Malgré les multiples difficultés rencontrées au début de son projet, à cause de la bureaucratie, Azza est très heureuse de parvenir enfin à réaliser son rêve. Pour ne pas perdre du temps et hâter la création de son projet, elle n’a pas voulu insister pour bénéficier des mesures et avantages financiers accordés, en vertu de la loi, aux jeunes promoteurs.
“J’ai frappé aux portes de plusieurs banques et structures d’appui et j’ai compris que les procédures faisaient prendre du temps, donc je me suis contentée du soutien financier familial et j’ai acheté des machines d’occasion”, explique-t-elle.
En plus d’une vitrine en ligne sur les réseaux sociaux, elle a ouvert une boutique à La Marsa qui n’est pas restée longtemps ouverte, puisqu’elle a choisi de déplacer son atelier à La Soukra.
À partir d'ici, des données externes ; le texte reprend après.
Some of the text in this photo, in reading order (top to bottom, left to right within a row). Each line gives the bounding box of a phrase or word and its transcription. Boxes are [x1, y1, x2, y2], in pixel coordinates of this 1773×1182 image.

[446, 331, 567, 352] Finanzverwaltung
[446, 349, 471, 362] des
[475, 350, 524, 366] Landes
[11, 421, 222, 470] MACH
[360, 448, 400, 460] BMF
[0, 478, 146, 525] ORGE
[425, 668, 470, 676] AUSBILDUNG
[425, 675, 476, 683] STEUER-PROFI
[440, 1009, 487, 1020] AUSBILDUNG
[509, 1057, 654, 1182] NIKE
Maintenant, elle commence à se faire des clients tunisiens fidèles et d’autres résidant à l’étranger.
Ses chaussures, elle les vend à des prix variant entre 100 et 200 dinars pour les femmes et de 150 à 250 D, pour les hommes. Elle convient que leur prix est relativement cher, mais c’est justifié par la cherté de la matière première et de la main-d’œuvre.
Je travaille dans un univers exposé à la concurrence et dont les difficultés d’approvisionnement sont multiples, affirme la jeune femme. Elle préfère s’approvisionne en peaux auprès des tanneries tunisiennes, au lieu des fournisseurs importateurs pour réduire ses coûts, mais “la qualité n’est pas toujours au rendez-vous”, regrette la jeune femme.
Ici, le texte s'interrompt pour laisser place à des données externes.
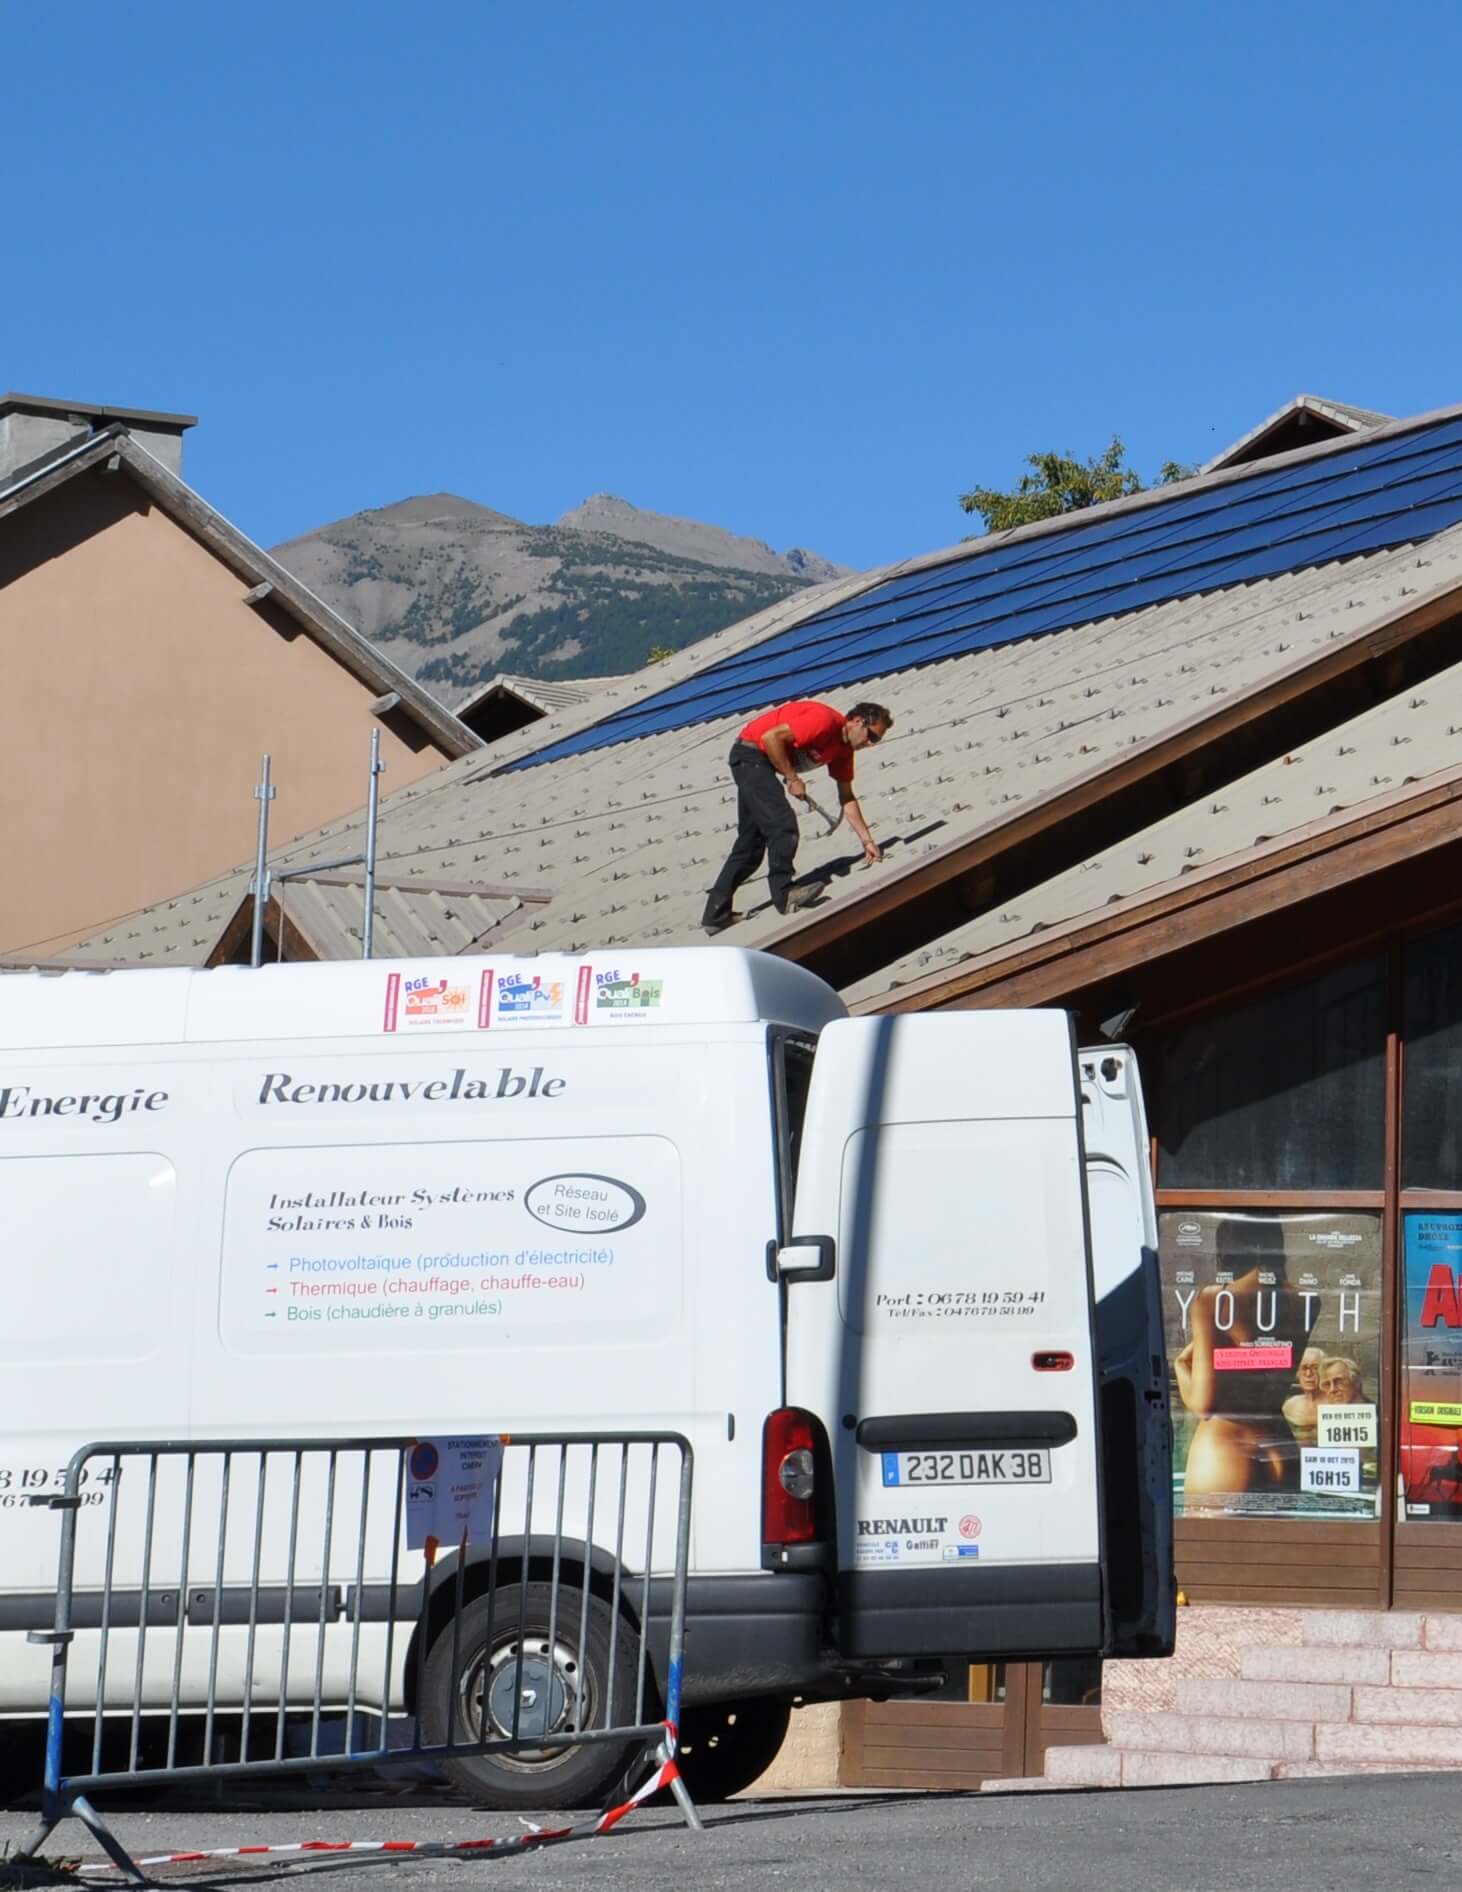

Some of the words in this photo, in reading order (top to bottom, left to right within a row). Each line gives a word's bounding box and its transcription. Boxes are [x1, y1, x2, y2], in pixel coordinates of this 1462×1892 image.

[405, 977, 429, 992] RGE
[497, 973, 522, 988] RGE
[596, 970, 621, 985] RGE
[0, 1086, 168, 1123] Energie
[257, 1066, 567, 1107] Renouvelable
[268, 1190, 406, 1210] Installateur
[410, 1186, 516, 1211] Systèmes
[553, 1184, 609, 1202] Réseau
[536, 1204, 551, 1217] et
[554, 1203, 581, 1219] Site
[585, 1207, 620, 1223] Isolé
[266, 1214, 356, 1232] Solaires
[360, 1215, 373, 1230] &
[378, 1214, 413, 1231] Bois
[289, 1254, 412, 1274] Photovoltaïque
[417, 1251, 510, 1273] (production
[514, 1247, 615, 1267] d'électricité)
[289, 1279, 377, 1298] Thermique
[383, 1276, 474, 1297] (chauffage,
[480, 1273, 585, 1292] chauffe-eau)
[876, 1293, 912, 1306] Port
[927, 1292, 951, 1306] 06
[955, 1292, 977, 1305] 78
[982, 1291, 999, 1304] 19
[1003, 1291, 1024, 1304] 59
[1028, 1291, 1046, 1304] 41
[287, 1305, 322, 1321] Bois
[327, 1303, 410, 1322] (chaudière
[414, 1303, 424, 1318] à
[428, 1300, 503, 1321] granulés)
[1175, 1290, 1360, 1333] YOUTH
[1326, 1426, 1368, 1442] 18H15
[907, 1455, 954, 1481] 232
[960, 1453, 1007, 1480] DAK
[1012, 1452, 1043, 1478] 38
[22, 1468, 48, 1488] 19
[1309, 1470, 1351, 1486] 16H15
[857, 1517, 948, 1536] RENAULT
La formation professionnelle à revoir…
La jeune créatrice considère que le savoir-faire tunisien existe, puisque “les chaussures destinées à l’export, fabriquées en sous-traitance, sont de bonne qualité, contrairement aux produits écoulés sur le marché local qui sont d’une qualité médiocre”.
Dans le domaine de la formation, elle pointe un autre problème “qui persiste depuis les années 80, à savoir une formation axée sur la sous-traitance dans la grande industrie, au lieu de former des designers pour favoriser la création de petits projets. Je pense que la formation doit encourager la création des TPE et PME qui peuvent dynamiser l’économie tunisienne”.
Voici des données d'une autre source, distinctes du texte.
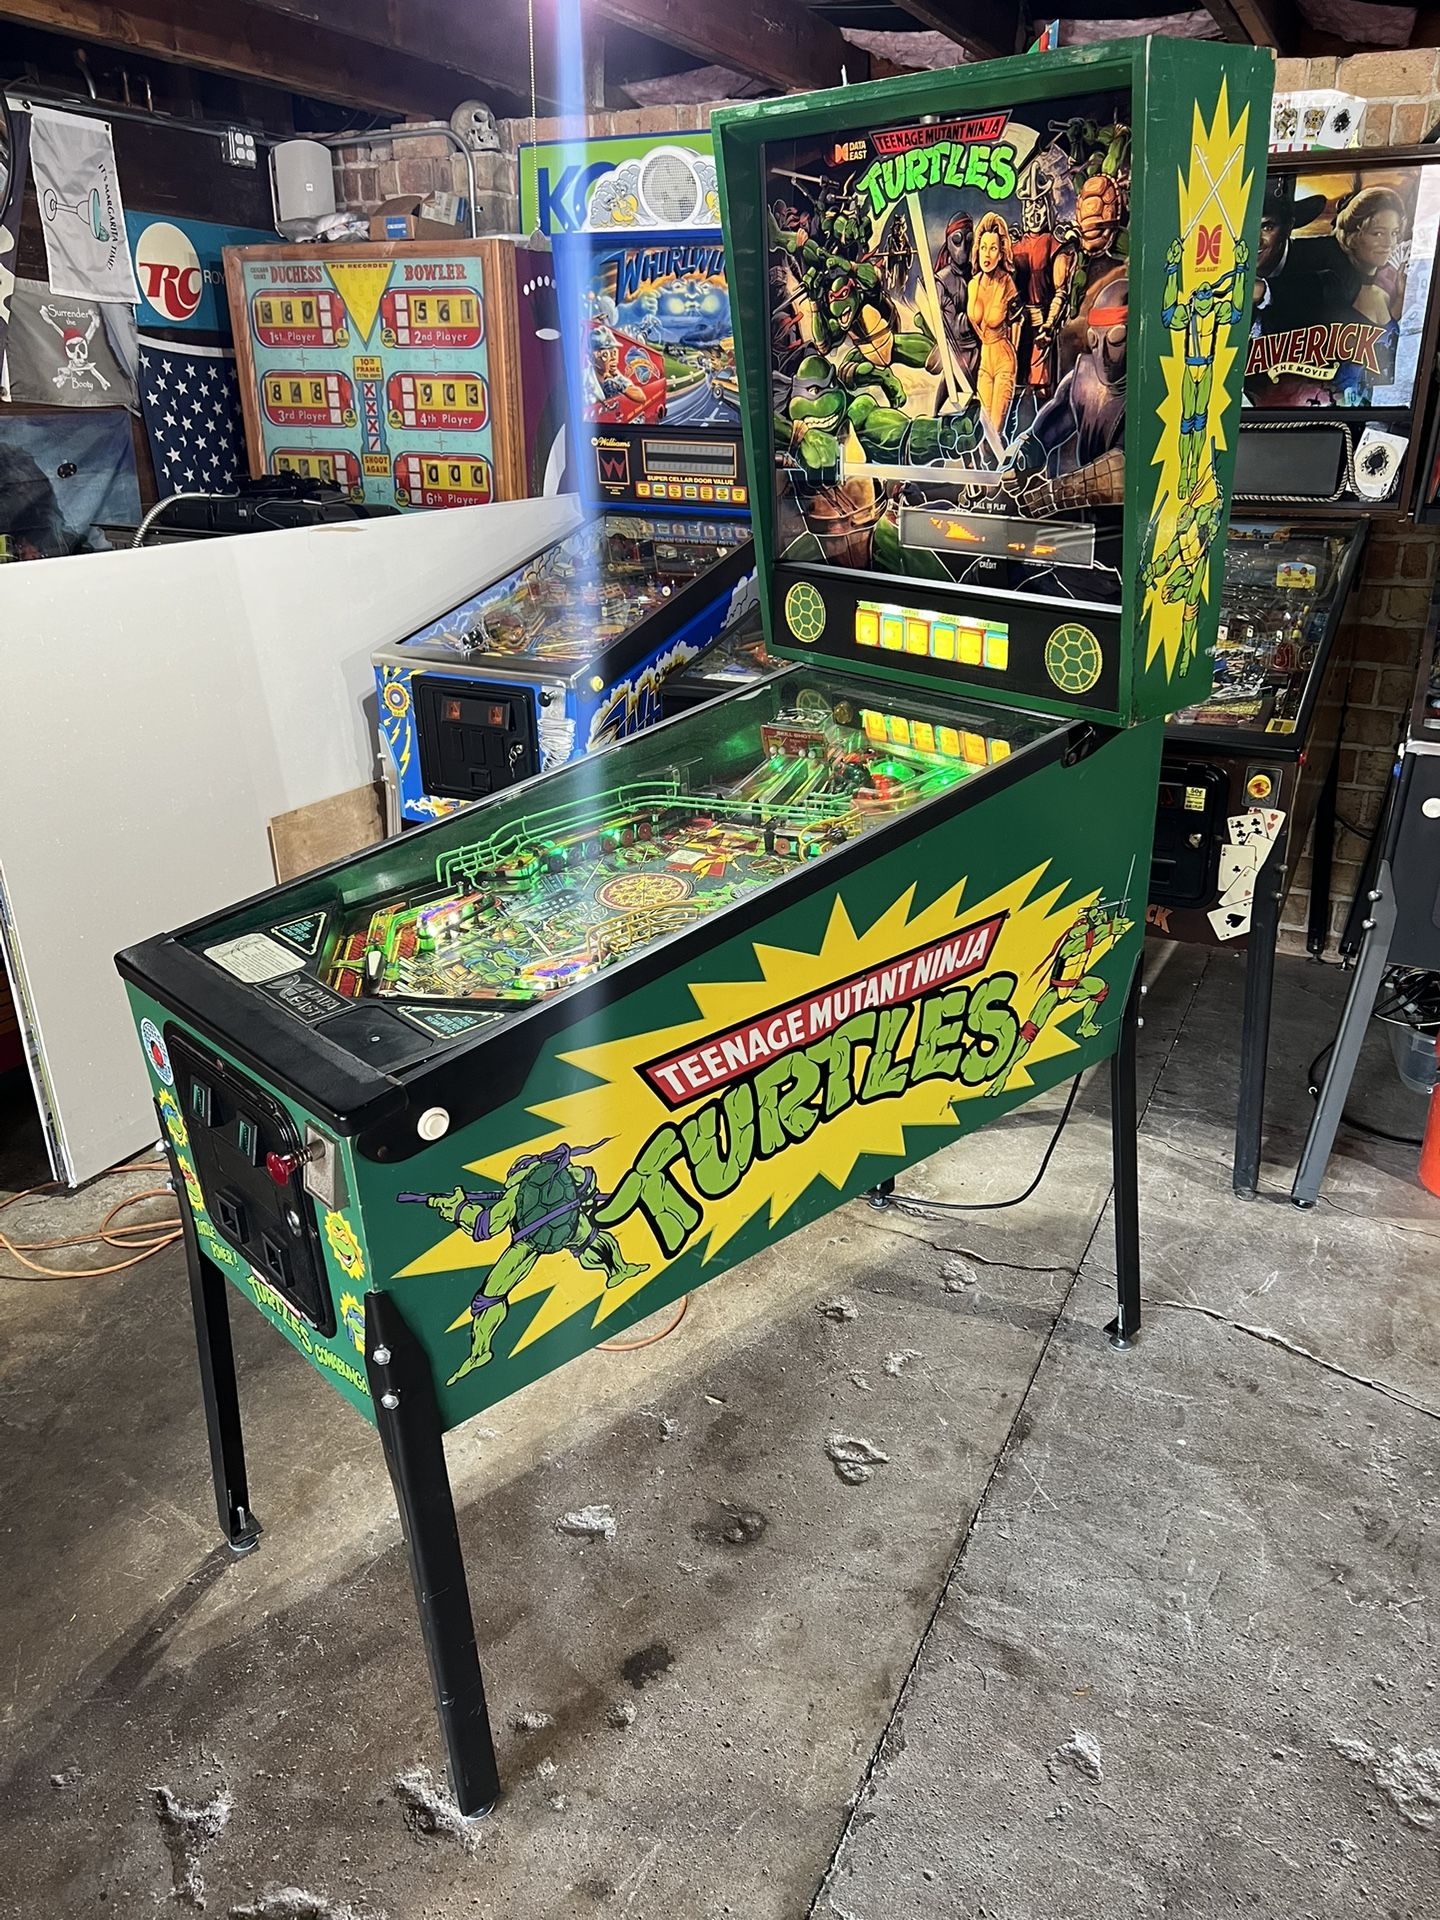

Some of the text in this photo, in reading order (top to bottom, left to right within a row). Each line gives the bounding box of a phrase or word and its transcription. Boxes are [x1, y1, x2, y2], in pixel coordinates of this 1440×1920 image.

[876, 118, 999, 150] TEENAGE MUTANT NINJA
[850, 140, 867, 150] DATA
[850, 150, 867, 161] EAST
[856, 141, 1017, 215] TURTLES
[104, 184, 119, 242] MARGARITA
[270, 265, 323, 284] DUCHESS
[404, 264, 467, 281] BOWLER
[138, 262, 201, 318] RC
[48, 304, 89, 318] Surrender
[269, 332, 316, 344] 1st Player
[414, 331, 468, 344] 2nd Player
[1245, 323, 1387, 376] AVERICK
[1274, 364, 1328, 377] THE MOVIE
[71, 377, 94, 392] Booty
[278, 410, 327, 423] 3rd Player
[420, 413, 473, 427] 4th Player
[599, 436, 631, 449] Williams
[364, 456, 388, 464] SHOOT
[366, 465, 389, 473] AGAIN
[426, 493, 478, 507] 6th Player
[994, 503, 1007, 511] PLAY
[979, 562, 997, 570] CREDIT
[289, 995, 326, 1018] EAST
[304, 988, 341, 1011] DATA
[655, 928, 990, 1096] TEENAGE MUTANT NINJA
[593, 973, 1017, 1257] TURTLES
[246, 1275, 314, 1354] TURTLES
La concurrence déloyale des produits chinois et turcs
Azza évoque les marques de chaussures importées notamment de la Turquie et de la Chine et qui ont causé, au cours de la période 2008/2010, la fermeture de plusieurs usines à cause de la concurrence déloyale.
Elle ne considère pas de tels produits comme étant de la concurrence, étant donné leur mauvaise qualité, indiquant que “j’ai entendu parler qu’à un certain moment des chaussures chinoises dont les semelles sont fabriquées avec des déchets même médicaux, ont été importées en Tunisie”. “Moi je cible la qualité, je fais de la personnalisation en adaptant les chaussures à la morphologie des pieds, alors que ces pays tablent sur la quantité. Mais notre vrai concurrent, c’est la friperie, car il y a des chaussures de bonne qualité, à des prix réduits”.
Pour elle, la concurrence gênante, c’est celle des marques qui trichent, en affichant des chaussures soit-disant en cuir, à moitié prix, alors que c’est du skaï de mauvaise qualité.
Malgré les craintes, d’aller très loin
La situation est aujourd’hui alarmante, selon Azza, car les prix des matières premières dont la quantité est de plus en plus réduite, augmentent, toutes les deux semaines, à cause de la conjoncture du pays et de la dépréciation du dinar.
“Dans très peu de temps, je serais même obligée d’importer directement le fils, la colle, le cuir et peut-être même les semelles…”, craint-elle
Pour l’avenir, la designer reste optimiste, elle compte agrandir son atelier mais tout en restant dans l’artisanal. Elle pense même à l’export, misant sur le design, le confort et la qualité.
Azza annonce qu’elle va sortir sa première collection de chaussures pour enfants au mois de septembre 2018. La jeune designer espère, enfin, voir émerger des marques tunisiennes similaires à la sienne, car la concurrence lui permet de se développer davantage.